Moradora aponta uso irregular por hotel e questiona construção de “ponte” na Cachoeira dos Prazeres

Apesar de interditada Cachoeira dos Prazeres em Jiquiriçá segue sendo explorada.


Após quase 4 anos da interdição da Cachoeira dos Prazeres no município de Jiquiriçá, o promotor de justiça Julimar Barreto, fez declarações a um site de Santo Antônio de Jesus, que acabou despertando a atenção da população para alguns pontos cruciais.

Segundo Barreto, “a Cachoeira dos Prazeres ainda está interditada por que a prefeitura não colocou em execução o projeto urbanístico daquele espaço”, ele diz ainda que a fiscalização era para ser feita pela Polícia Militar. Na entrevista o promotor argumentou as reclamações da população por falta de segurança, placas de sinalizações, sujeiras, acidentes e ausência de salva- vidas.

Um ponto destacado pelo representante do MP gerou discordância de muitos populares “Na verdade o município de Jiquiriçá não recebia benefício quase nenhum”, Disse ele, logo após tomarem conhecimento, populares ligaram para a emissora de rádio de Mutuípe e contestaram a fala, afirmando que tinham uma boa lucratividade, sendo que na maioria das vezes as mercadorias comercializadas acabavam antes do fim do dia.

Barreto ainda teria dito “…as pessoas iam lá, levavam sua comida, sua bebida, faziam poluição sonora, prejudicando até o hotel que já estava para fechar devido ao incomodo”. Esse parte da fala do promotor acabou por revelar que os proprietários do hotel eram parte interessada na interdição.

Segundo relatos de moradores nos programas: Acorda Vale e Cara a Cara com o Povo da Rádio Interativa, apesar de interditada os frequentadores do hotel seguem utilizado livremente o espaço, a presidente da Associação Prazeres, chegou a questionar a construção de pontes ligando o hotel a cachoeira e questionou haver licenças ambientais para as construções.

Houveram também denúncias de moradores contra os proprietários do hotel, que segundo o relato, reclama constantemente de poluição sonora na área, “nesse fim de semana teve uma festa lá que acabou por volta de 3h da madrugada, teve som alto e até foguetes”. Disse a denunciante.

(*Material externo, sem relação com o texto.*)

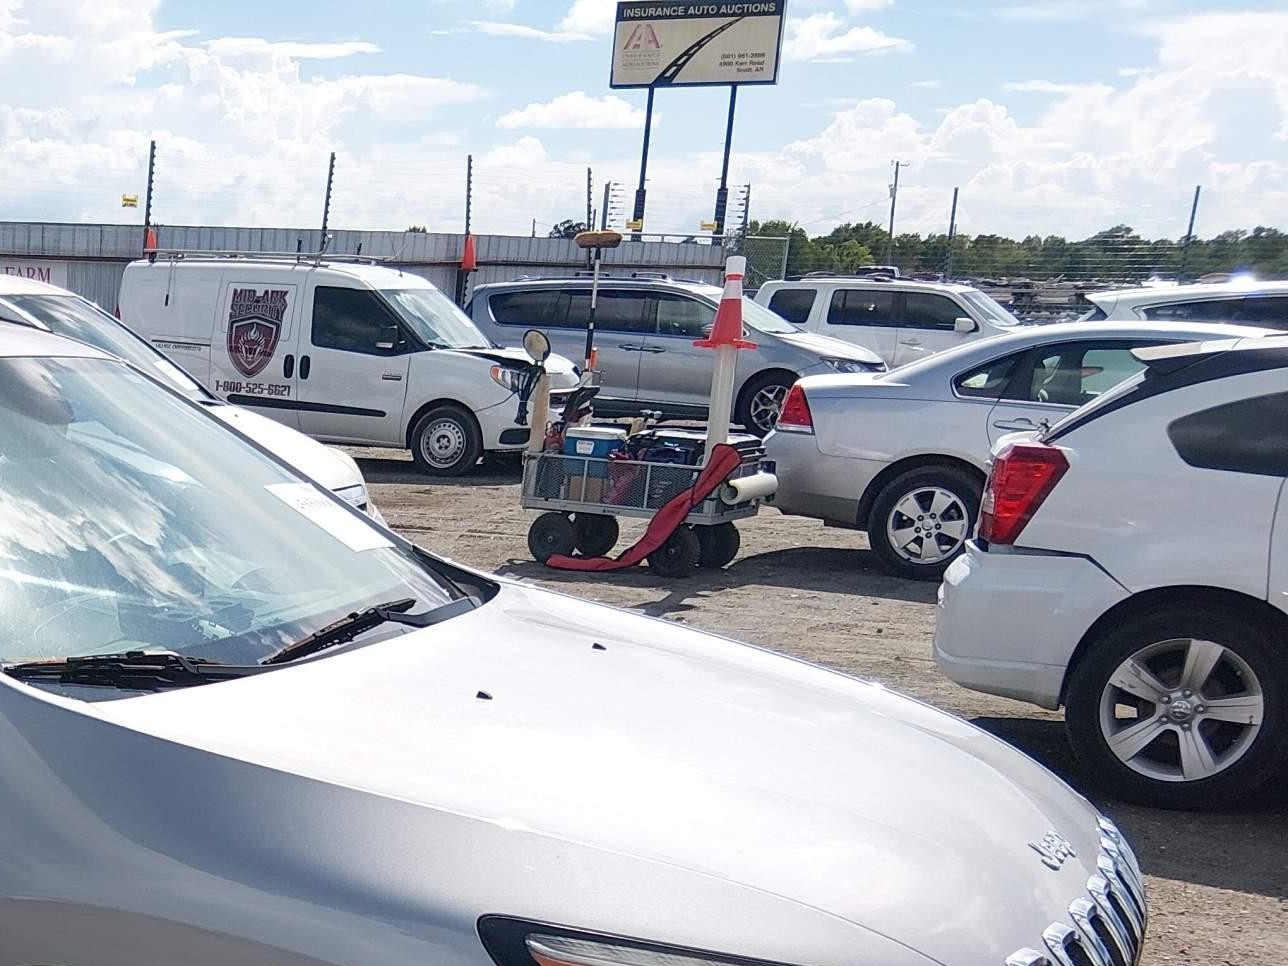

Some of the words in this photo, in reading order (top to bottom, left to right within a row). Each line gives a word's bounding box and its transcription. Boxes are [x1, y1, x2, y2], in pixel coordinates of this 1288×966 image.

Nossa redação conversou na tarde desta terça-feira (15), com um morador, segundo ele, a Cachoeira sempre tem movimento e nos fins de semana o fluxo aumenta mesmo com a interdição. Fotografias mostrando as “pontes” e fogos de artifício foram enviadas para corroborar a denúncia.

Segundo a prefeitura de Jiquiriçá a obra de requalificação do espaço está em fase de avaliação, sendo que o convênio já foi assinado, segundo o prefeito João Fernando – Cascalho, para que a obra possa ter andamento o proprietário da área terá que fazer uma doação ou cessão de uso para a prefeitura, para desta forma possibilite aplicar recursos públicos em área privada.

Em 6 de janeiro, os banhistas que estavam na cachoeira foram expulsos, fato que gerou acusações e revolta.